Hank talks to Philadelphia councilman about city's squatting issue

- Councilman Al Taubenberger is trying to get the conversation started to address this illegal new generation squatting that’s going on in the city.

It’s criminal trespass, first of all. And squatters often forge lease documents, something Taubenberger says police aren’t typically equipped to decipher. He says Council’s got to give them the tools. “We can, and we must,” said the Councilman before his presentation, “Because we’re here to protect the public and if the public is having difficulty with their property, in maintaining ownership thereof, possession of it is the right thing, then we have to do something about it to make it easier for law enforcement to uphold the law.”

Taubenberger says the first step is to hold hearings. And when there’s consensus, make some law. And that includes help from Harrisburg if necessary.

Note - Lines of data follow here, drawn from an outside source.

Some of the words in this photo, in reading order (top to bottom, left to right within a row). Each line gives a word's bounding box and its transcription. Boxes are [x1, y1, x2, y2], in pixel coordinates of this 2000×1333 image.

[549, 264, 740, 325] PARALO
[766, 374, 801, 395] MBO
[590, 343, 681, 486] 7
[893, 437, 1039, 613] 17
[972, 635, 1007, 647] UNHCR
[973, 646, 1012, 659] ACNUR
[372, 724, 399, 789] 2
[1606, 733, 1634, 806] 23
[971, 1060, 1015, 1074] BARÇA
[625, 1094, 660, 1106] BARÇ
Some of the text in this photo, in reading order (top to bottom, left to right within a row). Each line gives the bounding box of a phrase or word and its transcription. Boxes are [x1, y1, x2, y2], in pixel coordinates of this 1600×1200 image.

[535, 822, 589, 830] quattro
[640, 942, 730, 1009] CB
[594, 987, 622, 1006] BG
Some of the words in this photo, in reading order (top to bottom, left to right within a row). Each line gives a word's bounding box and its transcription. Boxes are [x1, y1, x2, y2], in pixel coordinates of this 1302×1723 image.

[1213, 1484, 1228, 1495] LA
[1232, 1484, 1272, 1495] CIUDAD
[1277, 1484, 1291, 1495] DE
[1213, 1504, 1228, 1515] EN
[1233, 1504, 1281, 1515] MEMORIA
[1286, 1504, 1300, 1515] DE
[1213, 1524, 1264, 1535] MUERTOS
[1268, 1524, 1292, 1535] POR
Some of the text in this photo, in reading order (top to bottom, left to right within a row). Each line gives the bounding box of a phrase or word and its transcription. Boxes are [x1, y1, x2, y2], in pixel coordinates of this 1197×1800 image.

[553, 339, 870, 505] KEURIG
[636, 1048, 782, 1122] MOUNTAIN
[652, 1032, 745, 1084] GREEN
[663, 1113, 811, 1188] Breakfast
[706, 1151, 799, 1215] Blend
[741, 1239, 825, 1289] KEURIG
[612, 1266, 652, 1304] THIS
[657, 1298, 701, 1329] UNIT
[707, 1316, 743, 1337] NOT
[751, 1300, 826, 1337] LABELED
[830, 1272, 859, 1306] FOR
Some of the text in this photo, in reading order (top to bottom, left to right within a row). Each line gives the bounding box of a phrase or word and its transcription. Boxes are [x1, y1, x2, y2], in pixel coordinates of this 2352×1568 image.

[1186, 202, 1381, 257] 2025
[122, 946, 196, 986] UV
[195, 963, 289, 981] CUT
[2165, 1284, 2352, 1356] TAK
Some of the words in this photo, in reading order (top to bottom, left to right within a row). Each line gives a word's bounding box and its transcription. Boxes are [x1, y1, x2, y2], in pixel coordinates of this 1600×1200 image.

This type of squatting often occurs during housing transitions, such as renovation or a change in tenants. I drove through South Philly looking for stories from contractors, and they weren’t hard to find. Joe Sullivan had finished some concrete patchwork, and he says squatters are an ugly part of the job. “We check it out, see what we’ve got to do,” he says, smoking a cigarette. “And we go in… we see people sleeping on the floors and everything. And we have to get them out of there so we can do our work.”

Vinny Zanier and his crew from Chris Lord Contractors say squatters disrupted a recent job, and it gets expensive. “Before we put the windows in, they broke in every single night… materials were stolen from the job… which then, in turn, you lose two hours a day.”   

Taubenberger says he’s trying, but the wheels of progress turn slowly. Homelessness is a problem – everybody ought to have a roof. But there’s fraud and dirty dealing going on. Nobody who works hard to own a home ought to have to put up with it. I’m Hank, and that’s my take.